21 June 2006
Raleigh NFJS 2006

Recently Jay brought his current lineup of speakers to town for the 2006 NFJS Symposium Tour . Lots of great speakers. Packed with nuts and bolts details. It was buzzword compliant, with plenty of talks on AJAX and Ruby. Justin Gehtland’s talks on hibernate were excellent and can be found on codecite . These are polished speakers who have given these sessions many times prior. Dave Thomas could make event the most prosaic topic engaging and entertaining. The rare bit of wit, humor and humanity go a long way in this field.Points that stood out:

Keep Track of Your Ideas

Andy Hunt talked at length about keeping track of the ideas that occur to you throughout the day. Method doesn’t really matter. Some techniques he proposed: spacepen and pad, voice memos on your cell phone, wiki or wiki modes in your editor. I’ve installed potwiki to give it a try. Elsewhere on the web Michael Michalko seems to have a few things to say on this topic.

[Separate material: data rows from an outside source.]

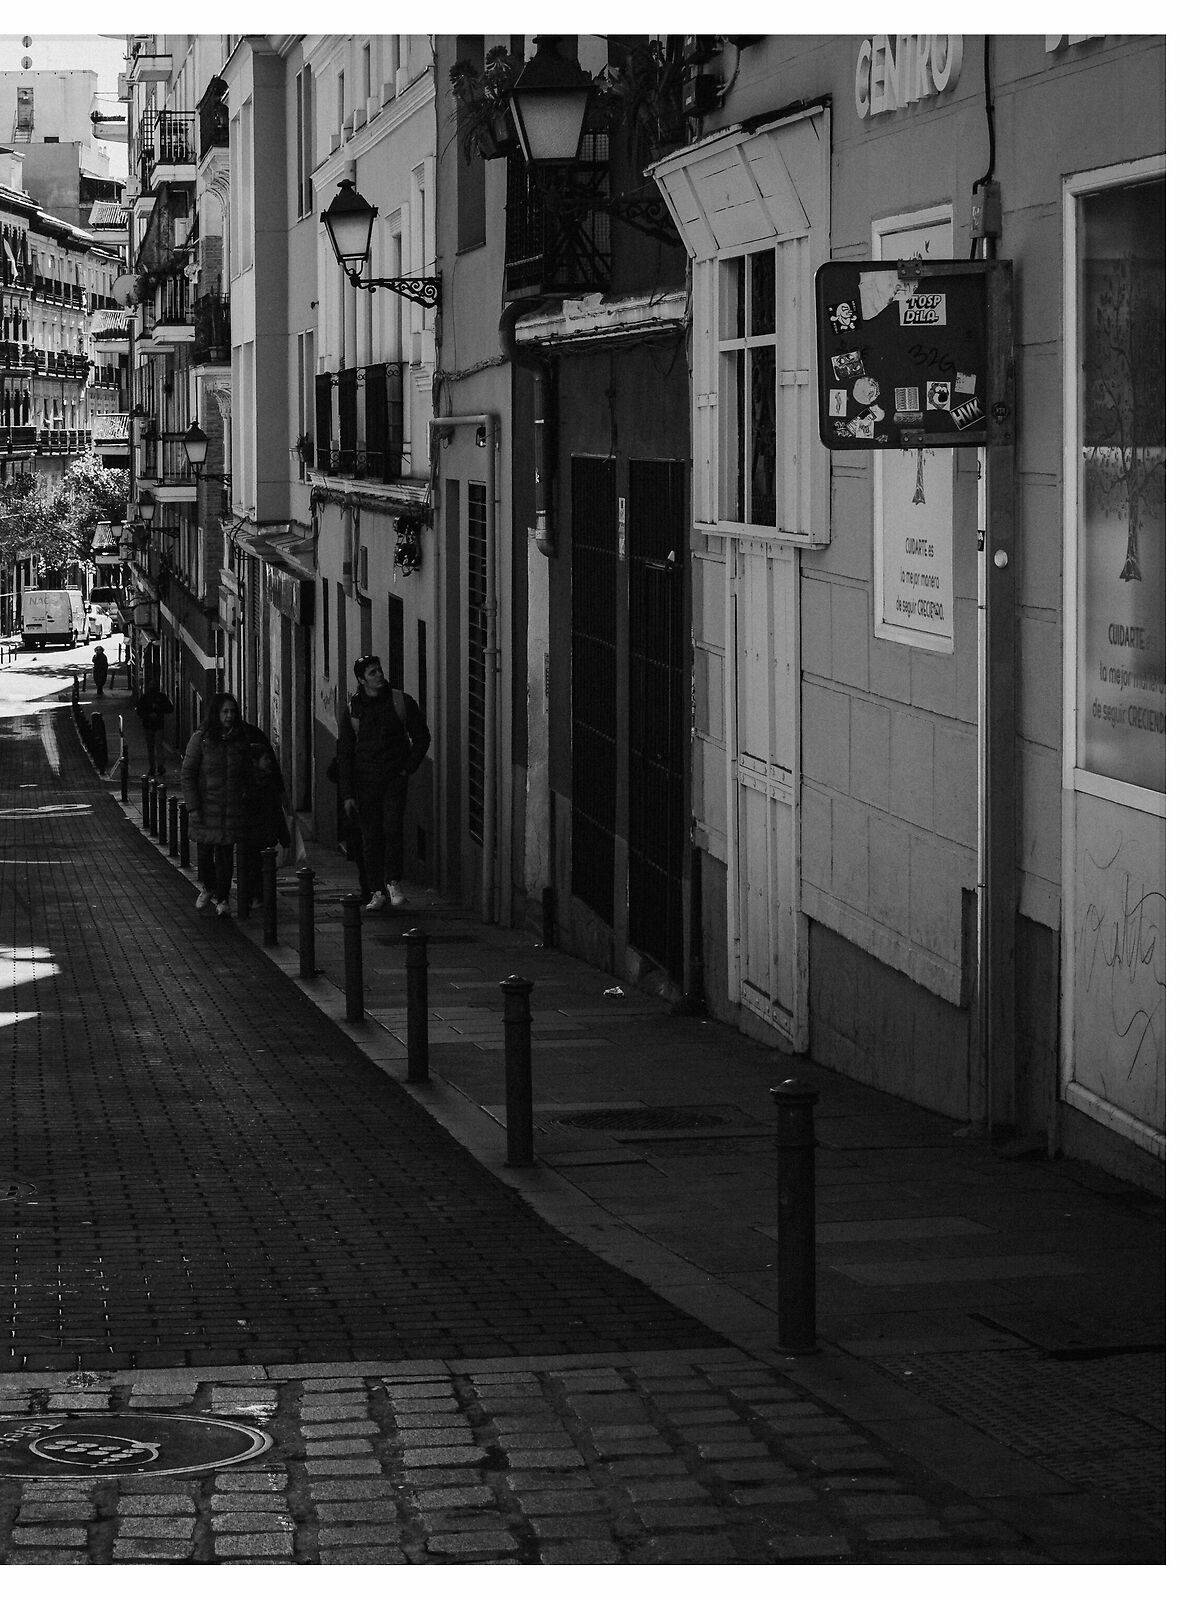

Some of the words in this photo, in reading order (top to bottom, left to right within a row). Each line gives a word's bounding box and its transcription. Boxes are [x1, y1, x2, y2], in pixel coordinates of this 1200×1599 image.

[855, 35, 963, 119] CENTRO
[909, 295, 942, 311] TOSP
[950, 398, 984, 428] HVK
[905, 537, 928, 556] CUIDARTE
[906, 570, 920, 589] mejor
[921, 573, 940, 589] manera
[902, 598, 917, 618] seguir
[1108, 623, 1145, 650] CUIDARTE
[1100, 660, 1107, 682] la
[1109, 664, 1131, 692] mejor
[1093, 697, 1101, 719] de
[1103, 702, 1127, 729] seguir
[1128, 704, 1166, 734] CRECIEND
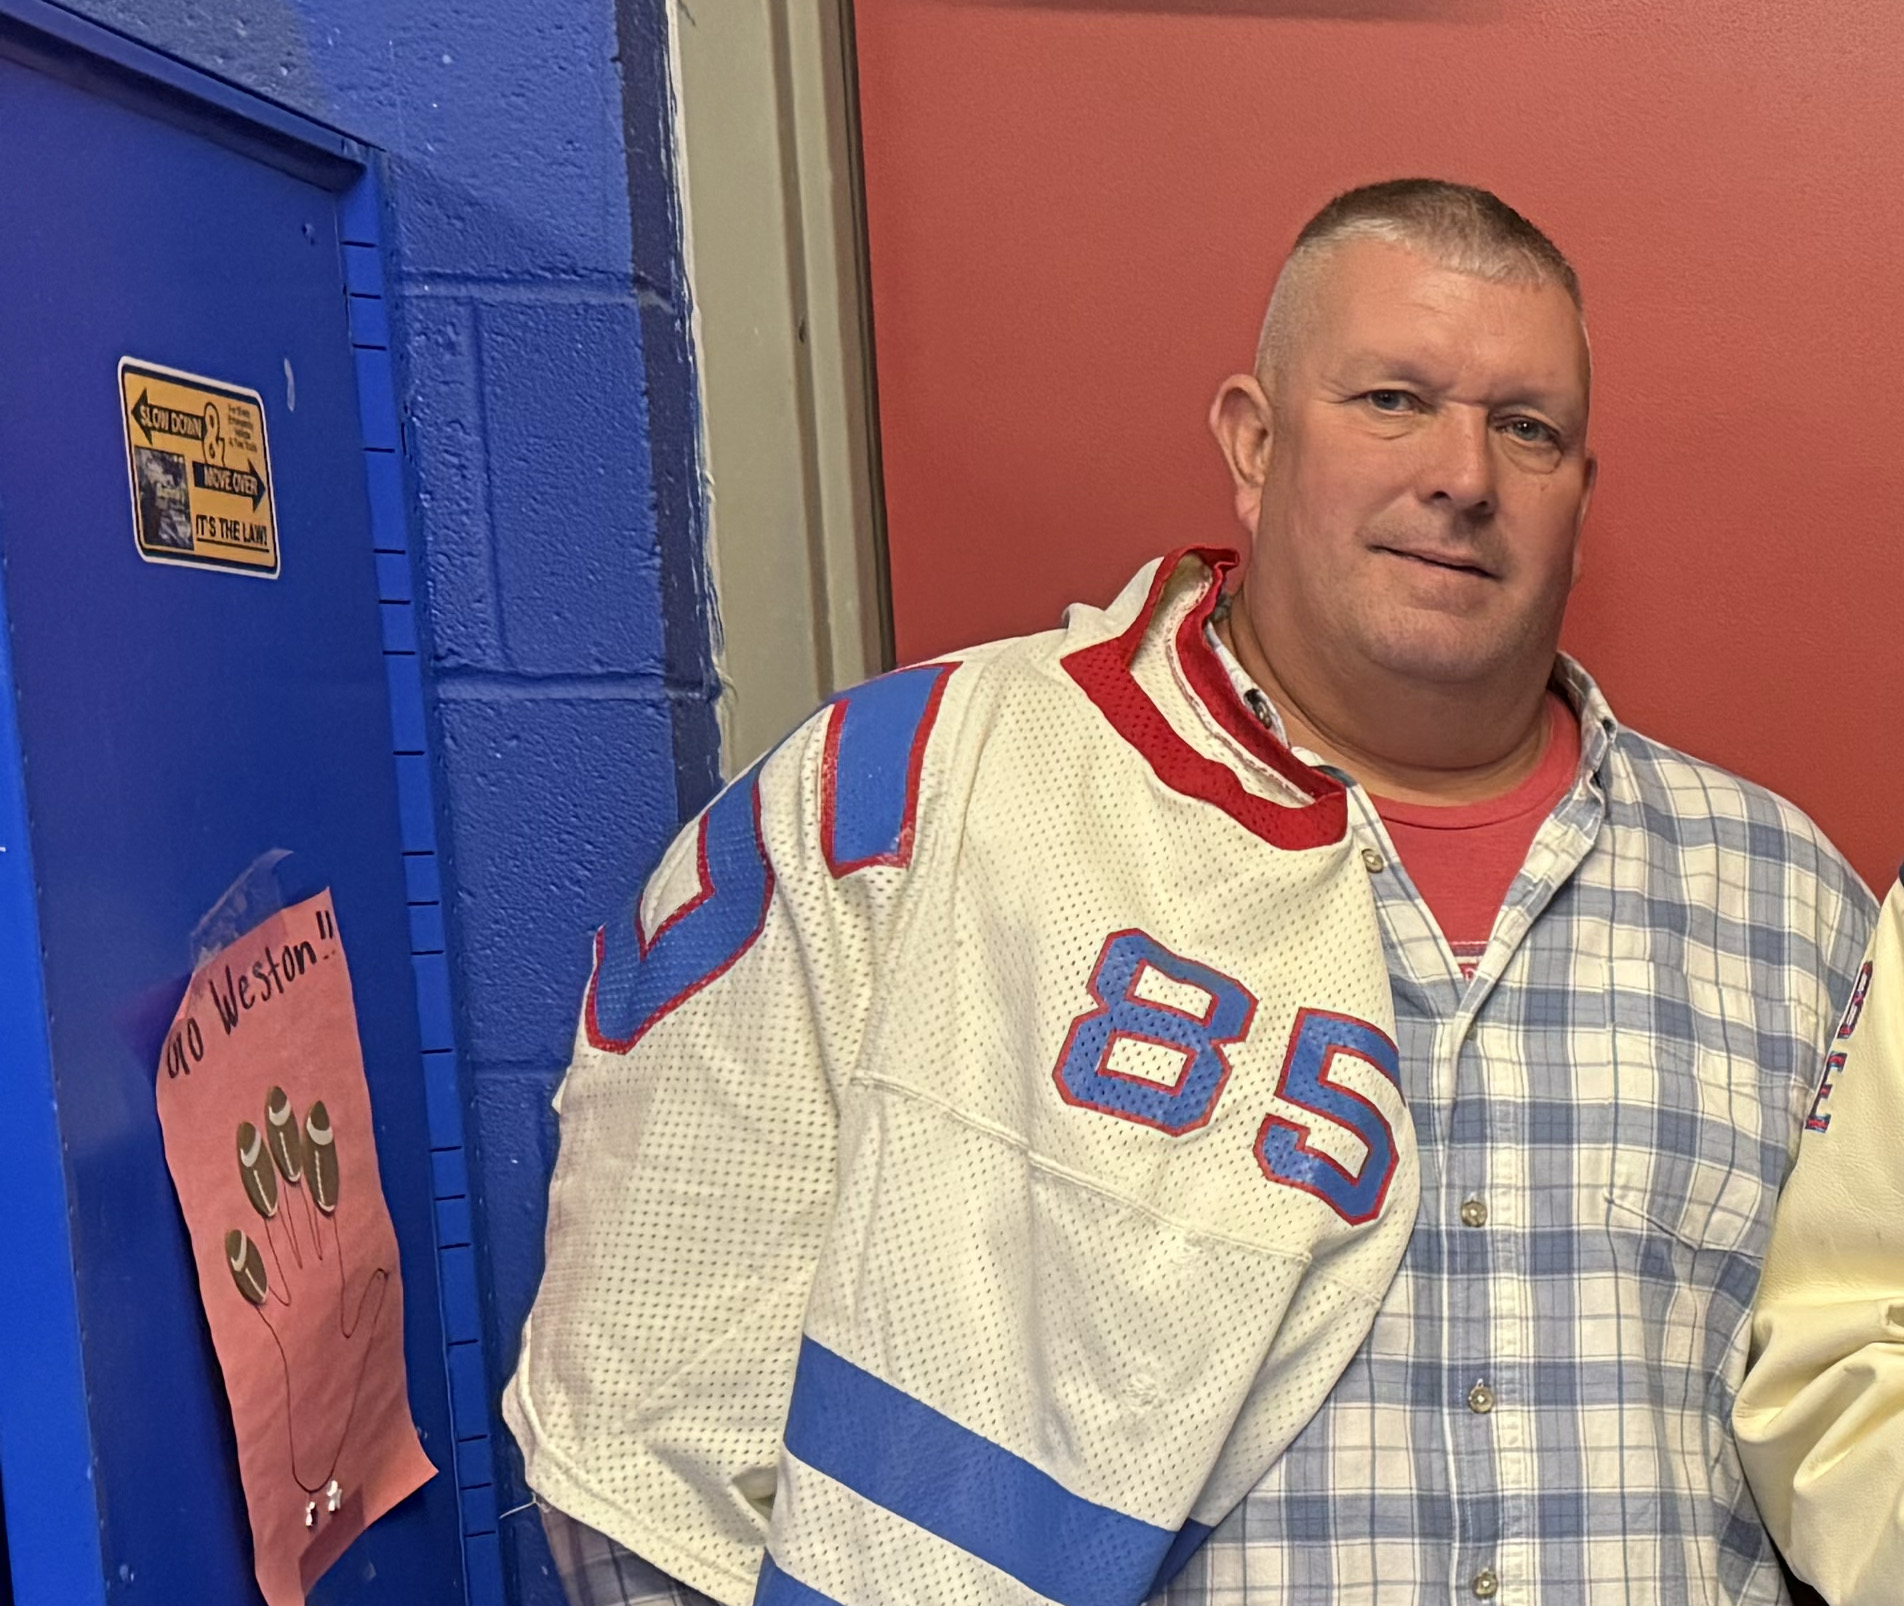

I like Michalko’s suggestions for developing ideas once captured:

  • What can be SUBSTITUTED? (Who else? What else? Other ingredient? Other process? Other power? Other place? Other approach? Can you change the rules?)
  • What can be COMBINED? (How about a blend, an alloy, an assortment, an ensemble? Combine units? Combine purposes with something else? Combine appeals? Combine ideas?)
  • What can I ADAPT from something else to the idea? (What else is like this? What other idea does this suggest? Does the past offer a parallel? What could I copy? Whom could I emulate?)
  • What can I MAGNIFY? (What can be added? More time? Stronger? Higher? Longer? Extra value? Extra features? Duplicate? Multiply? Exaggerate?)
  • What can I MODIFY or change? (What can be altered? New twist? Change meaning, color, motion, sound, odor, form, shape? What other changes can be made?)
  • Can I PUT the idea TO OTHER USES? (New ways to use as? Other uses if modified? Can you make it do more things? Other extensions? Other spin-off? Other markets?)
  • What can be ELIMINATED? (What to subtract? Smaller? Condensed? Miniature? Lower? Shorter? Lighter? Omit? Streamline? Split up? Understate?)
  • What can be REARRANGED the parts? (What other arrangement might be better? Interchange components? Other pattern? Other layout? Other sequence? Transpose cause and effect? Change pace? Change schedule?)
  • Can it be REVERSED? (Transpose positive and negative? How about opposites? Turn it upside down? Reverse roles? Consider it backwards? What if you did the unexpected?)

Class Oriented Development

During his keynote Dave Thomas took more than a few well-deserved pot-shots at the received wisdom in the software community. He ticked through some of the usual suspects: type safety, methodologies, backward compatibility. Simply stated, his thesis was: if you don’t a have direct and clear understanding of why you are doing something: stop doing it. One point that resonated with me was his characterization of Java and many other object-oriented languages as really class-oriented. We spend our days developing sophisticated class relationships and hierarchies. Is-a. Has-a. While these languages provide anemic support for actually orienting your development around objects; the heart and soul of your application at runtime. Few true hierararchical taxonomies exist in the real world. Classes were invented by stamp-collectors. Why are we trying to put the world into neat little boxes?

This was of course a shameless plug for features like mix-ins that exist in many modern programming languages . Either way this is an idea worth kicking around the block.

Learn By Doing

In his Refactoring your Wetware talk Andy Hunt drew on the example of surgerical residents who follow the pattern of observe, assist and perform. For surgeons there is no substitute for doing. The same is probably true for developers.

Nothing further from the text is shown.